Source data:
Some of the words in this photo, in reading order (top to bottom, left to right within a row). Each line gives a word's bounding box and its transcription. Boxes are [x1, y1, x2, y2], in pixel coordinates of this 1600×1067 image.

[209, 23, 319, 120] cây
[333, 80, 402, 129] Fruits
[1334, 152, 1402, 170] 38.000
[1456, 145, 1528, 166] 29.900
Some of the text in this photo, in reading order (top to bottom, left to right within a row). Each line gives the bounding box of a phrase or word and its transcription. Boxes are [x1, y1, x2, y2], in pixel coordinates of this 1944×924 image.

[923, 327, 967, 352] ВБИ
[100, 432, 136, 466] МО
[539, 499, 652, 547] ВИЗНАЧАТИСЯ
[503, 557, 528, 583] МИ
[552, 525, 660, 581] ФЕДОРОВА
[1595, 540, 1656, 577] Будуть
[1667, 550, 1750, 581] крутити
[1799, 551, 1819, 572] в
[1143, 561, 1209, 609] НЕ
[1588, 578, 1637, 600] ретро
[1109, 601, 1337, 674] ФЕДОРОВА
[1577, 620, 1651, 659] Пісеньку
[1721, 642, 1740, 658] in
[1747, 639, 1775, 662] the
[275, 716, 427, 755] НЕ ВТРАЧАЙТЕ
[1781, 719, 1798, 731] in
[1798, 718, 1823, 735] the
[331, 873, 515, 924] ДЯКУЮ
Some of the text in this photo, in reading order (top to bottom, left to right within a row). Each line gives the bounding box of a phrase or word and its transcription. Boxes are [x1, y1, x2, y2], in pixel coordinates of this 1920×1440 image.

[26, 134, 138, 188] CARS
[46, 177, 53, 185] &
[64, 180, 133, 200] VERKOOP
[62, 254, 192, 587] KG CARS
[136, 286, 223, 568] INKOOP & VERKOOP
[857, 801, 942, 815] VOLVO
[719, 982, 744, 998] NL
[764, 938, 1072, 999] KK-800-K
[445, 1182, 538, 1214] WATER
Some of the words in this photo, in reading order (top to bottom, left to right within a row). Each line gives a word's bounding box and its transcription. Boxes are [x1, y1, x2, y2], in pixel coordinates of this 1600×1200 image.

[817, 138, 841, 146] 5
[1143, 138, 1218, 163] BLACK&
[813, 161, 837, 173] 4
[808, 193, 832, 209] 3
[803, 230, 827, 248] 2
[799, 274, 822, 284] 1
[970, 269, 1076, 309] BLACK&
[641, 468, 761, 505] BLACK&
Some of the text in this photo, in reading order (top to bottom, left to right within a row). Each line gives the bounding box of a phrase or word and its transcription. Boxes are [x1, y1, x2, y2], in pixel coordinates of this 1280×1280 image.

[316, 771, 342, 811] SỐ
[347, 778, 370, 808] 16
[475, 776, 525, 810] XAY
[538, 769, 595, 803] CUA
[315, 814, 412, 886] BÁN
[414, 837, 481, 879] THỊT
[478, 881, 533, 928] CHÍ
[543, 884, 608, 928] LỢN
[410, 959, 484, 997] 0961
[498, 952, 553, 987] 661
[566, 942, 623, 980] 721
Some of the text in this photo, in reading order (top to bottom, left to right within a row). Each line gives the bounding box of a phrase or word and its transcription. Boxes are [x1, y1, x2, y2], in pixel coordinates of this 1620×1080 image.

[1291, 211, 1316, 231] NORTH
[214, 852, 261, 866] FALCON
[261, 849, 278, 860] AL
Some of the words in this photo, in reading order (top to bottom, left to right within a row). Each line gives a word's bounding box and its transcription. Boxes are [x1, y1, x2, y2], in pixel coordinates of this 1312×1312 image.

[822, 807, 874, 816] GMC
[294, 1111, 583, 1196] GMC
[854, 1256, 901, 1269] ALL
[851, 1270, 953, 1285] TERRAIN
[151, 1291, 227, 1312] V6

[Directions]:
When you answer, set down the entries above precisely as they read.

[Response to this task]:
Some of the words in this photo, in reading order (top to bottom, left to right within a row). Each line gives a word's bounding box and its transcription. Boxes are [x1, y1, x2, y2], in pixel coordinates of this 1600×1067 image.

[209, 23, 319, 120] cây
[333, 80, 402, 129] Fruits
[1334, 152, 1402, 170] 38.000
[1456, 145, 1528, 166] 29.900
Some of the text in this photo, in reading order (top to bottom, left to right within a row). Each line gives the bounding box of a phrase or word and its transcription. Boxes are [x1, y1, x2, y2], in pixel coordinates of this 1944×924 image.

[923, 327, 967, 352] ВБИ
[100, 432, 136, 466] МО
[539, 499, 652, 547] ВИЗНАЧАТИСЯ
[503, 557, 528, 583] МИ
[552, 525, 660, 581] ФЕДОРОВА
[1595, 540, 1656, 577] Будуть
[1667, 550, 1750, 581] крутити
[1799, 551, 1819, 572] в
[1143, 561, 1209, 609] НЕ
[1588, 578, 1637, 600] ретро
[1109, 601, 1337, 674] ФЕДОРОВА
[1577, 620, 1651, 659] Пісеньку
[1721, 642, 1740, 658] in
[1747, 639, 1775, 662] the
[275, 716, 427, 755] НЕ ВТРАЧАЙТЕ
[1781, 719, 1798, 731] in
[1798, 718, 1823, 735] the
[331, 873, 515, 924] ДЯКУЮ
Some of the text in this photo, in reading order (top to bottom, left to right within a row). Each line gives the bounding box of a phrase or word and its transcription. Boxes are [x1, y1, x2, y2], in pixel coordinates of this 1920×1440 image.

[26, 134, 138, 188] CARS
[46, 177, 53, 185] &
[64, 180, 133, 200] VERKOOP
[62, 254, 192, 587] KG CARS
[136, 286, 223, 568] INKOOP & VERKOOP
[857, 801, 942, 815] VOLVO
[719, 982, 744, 998] NL
[764, 938, 1072, 999] KK-800-K
[445, 1182, 538, 1214] WATER
Some of the words in this photo, in reading order (top to bottom, left to right within a row). Each line gives a word's bounding box and its transcription. Boxes are [x1, y1, x2, y2], in pixel coordinates of this 1600×1200 image.

[817, 138, 841, 146] 5
[1143, 138, 1218, 163] BLACK&
[813, 161, 837, 173] 4
[808, 193, 832, 209] 3
[803, 230, 827, 248] 2
[799, 274, 822, 284] 1
[970, 269, 1076, 309] BLACK&
[641, 468, 761, 505] BLACK&
Some of the text in this photo, in reading order (top to bottom, left to right within a row). Each line gives the bounding box of a phrase or word and its transcription. Boxes are [x1, y1, x2, y2], in pixel coordinates of this 1280×1280 image.

[316, 771, 342, 811] SỐ
[347, 778, 370, 808] 16
[475, 776, 525, 810] XAY
[538, 769, 595, 803] CUA
[315, 814, 412, 886] BÁN
[414, 837, 481, 879] THỊT
[478, 881, 533, 928] CHÍ
[543, 884, 608, 928] LỢN
[410, 959, 484, 997] 0961
[498, 952, 553, 987] 661
[566, 942, 623, 980] 721
Some of the text in this photo, in reading order (top to bottom, left to right within a row). Each line gives the bounding box of a phrase or word and its transcription. Boxes are [x1, y1, x2, y2], in pixel coordinates of this 1620×1080 image.

[1291, 211, 1316, 231] NORTH
[214, 852, 261, 866] FALCON
[261, 849, 278, 860] AL
Some of the words in this photo, in reading order (top to bottom, left to right within a row). Each line gives a word's bounding box and its transcription. Boxes are [x1, y1, x2, y2], in pixel coordinates of this 1312×1312 image.

[822, 807, 874, 816] GMC
[294, 1111, 583, 1196] GMC
[854, 1256, 901, 1269] ALL
[851, 1270, 953, 1285] TERRAIN
[151, 1291, 227, 1312] V6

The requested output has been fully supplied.